Still, there are plenty of signs that the issue is far from being put to rest. Congress and the White House wrote into the law something called the Independent Payment Advisory Board, a presidentially appointed panel that is tasked with keeping Medicare’s growth rate below a certain ceiling. Office of Management and Budget director Peter Orszag, the economics wunderkind who has made Medicare’s finances something of a personal project, has called it potentially the most important aspect of the legislation: Medicare and Medicaid, he has said, “are at the heart of our long-term fiscal imbalance, which is the motivation for moving to a different structure in those programs.” And then, of course, there’s Obama’s deficit commission: While the president says he is keeping an open mind when it comes to solving the deficit “crisis,” no one is trying very hard to pretend that the commission has any purpose other than cutting Social Security, Medicare, and probably Medicaid as well.
Already, the commission is working closely with the Peter G. Peterson Foundation, headed by the billionaire businessman and former Nixon administration official who has emerged as one of the nation’s leading “granny bashers”—deficit hawks who accuse old people of bankrupting the country.

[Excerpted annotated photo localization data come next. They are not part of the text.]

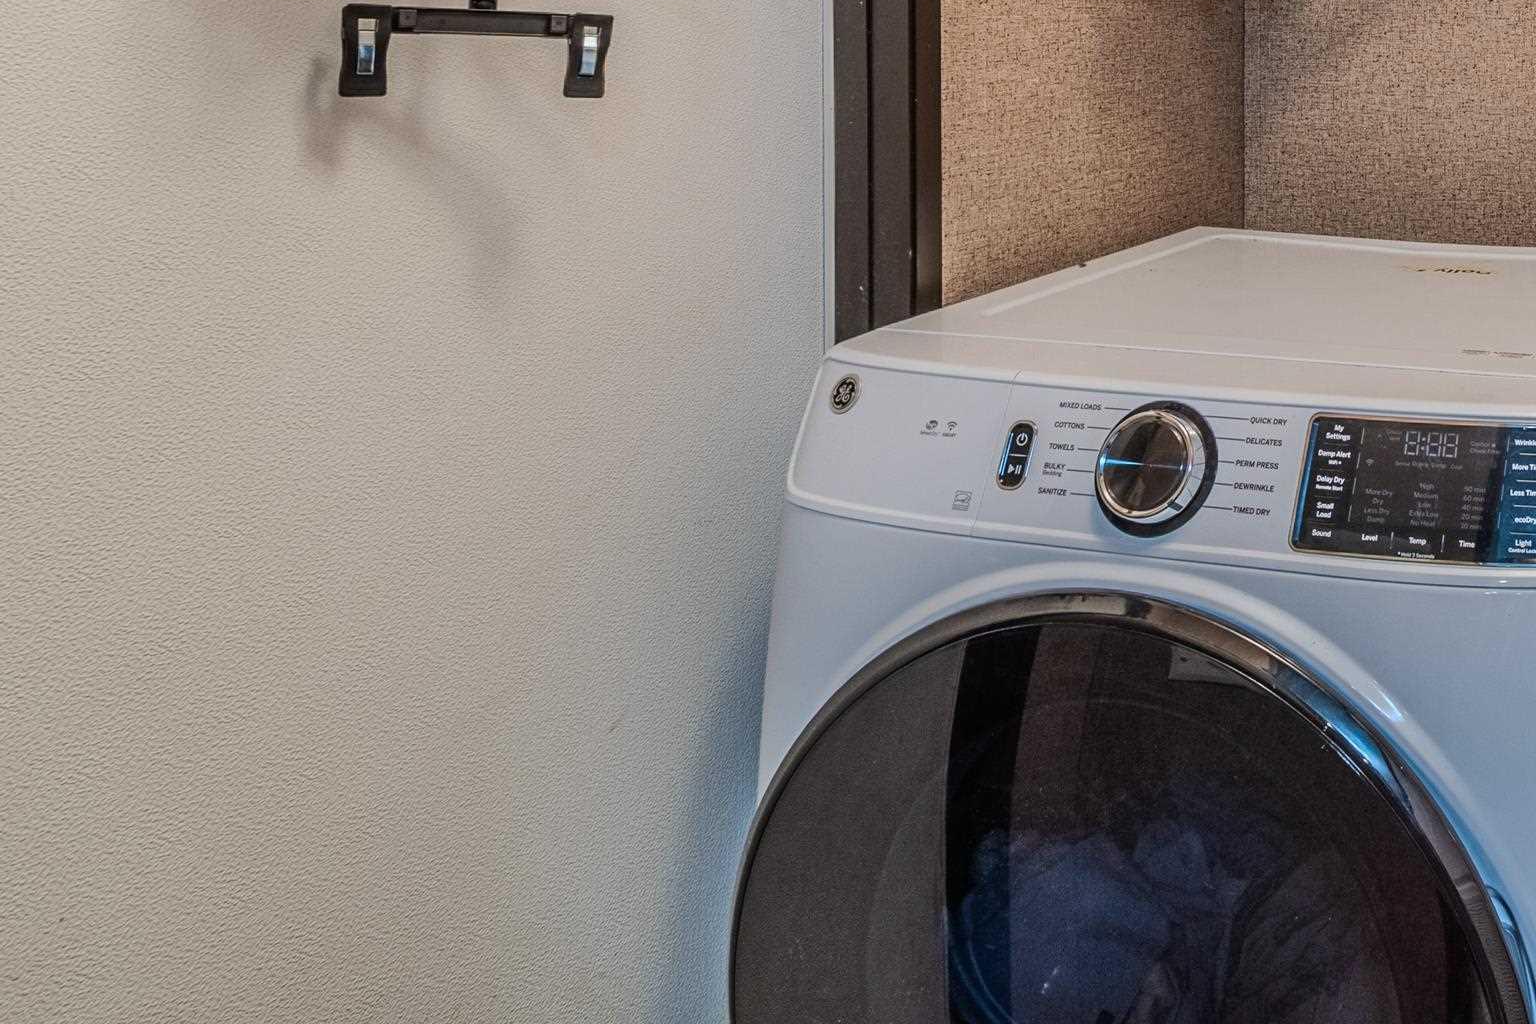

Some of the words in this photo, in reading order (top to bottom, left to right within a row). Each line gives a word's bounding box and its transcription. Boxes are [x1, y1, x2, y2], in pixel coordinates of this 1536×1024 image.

[1059, 401, 1080, 409] MIXED
[1080, 403, 1102, 411] LOADS
[1054, 421, 1086, 429] COTTONS
[1249, 416, 1272, 425] QUICK
[1273, 418, 1288, 426] DRY
[1333, 424, 1344, 432] My
[1325, 432, 1351, 441] Settings
[1049, 442, 1075, 451] TOWELS
[1245, 437, 1282, 447] DELICATES
[1317, 449, 1335, 459] Damp
[1336, 450, 1352, 458] Alert
[1235, 459, 1255, 468] PERM
[1256, 461, 1279, 470] PRESS
[1511, 463, 1529, 471] More
[1316, 475, 1333, 485] Delay
[1333, 476, 1346, 486] Dry
[1038, 487, 1068, 496] SANITIZE
[1233, 482, 1275, 492] DEWRINKLE
[1316, 501, 1335, 509] Small
[1233, 506, 1255, 515] TIMED
[1255, 508, 1271, 516] DRY
[1311, 529, 1332, 538] Sound
[1361, 533, 1379, 542] Level
[1408, 537, 1427, 546] Temp
[1459, 540, 1476, 548] Time
[1515, 539, 1533, 548] Light

In the end, of course, many conservatives are motivated less by deficits and more by free-market ideology: Many of them want to replace Medicare as it now exists today with a system of vouchers, and place the emphasis on individual savings and tax breaks. Barring that, Republicans have proposed a long string of cuts to Medicaid and Medicare, sometimes defying logic—by, for example, advocating reductions in in-home care, which can keep people out of far more expensive nursing homes.
The common means of justifying these cuts is to attack Medicare “waste.” But remember that not only are Medicare’s administrative costs less than one-sixth of those of private insurers, Medicare pays doctors and hospitals less (20 and 30 percent, respectively) than private payment rates; overall, Medicare pays out less in annual per capita benefits than the average large employer health plan, even though it serves an older, sicker population.

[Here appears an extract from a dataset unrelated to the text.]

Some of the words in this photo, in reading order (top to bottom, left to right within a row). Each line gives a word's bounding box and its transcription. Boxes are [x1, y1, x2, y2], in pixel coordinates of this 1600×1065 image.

That basic fact is fully understood by the health care industry. Back in January 2009, as the nation suited up for the health care wars, the Lewin Group—a subsidiary of the health insurance giant United Health—produced an analysis of various reform proposals being floated and found that the only one to immediately reduce overall health care costs (by $58 billion) was one that would have dramatically expanded Medicare.
Facts like these, however, have not slowed down the granny bashers. In a February op-ed called “The Geezers’ Crusade,” commentator David Brooks urged old people to willingly submit to entitlement cuts in service to future generations. Via Social Security and Medicare, he argued, old folks are stealing from their own grandkids.
I’m as public spirited as the next person, and I have a Gen X son. I’d be willing to give up some expensive, life-prolonging medical treatment for him, and maybe even for the good of humanity. But I’m certainly not going to do it so some WellPoint executive can take another vacation, so Pfizer can book $3 billion in annual profits instead of $2 billion, or so private hospitals can make another campaign contribution to some gutless politician.
Here, then, is my advice to anyone who suggests that we geezers should do the right thing and pull the plug on ourselves: Start treating health care as a human right instead of a profit-making opportunity, and see how much money you save. Then, by all means, get back to me.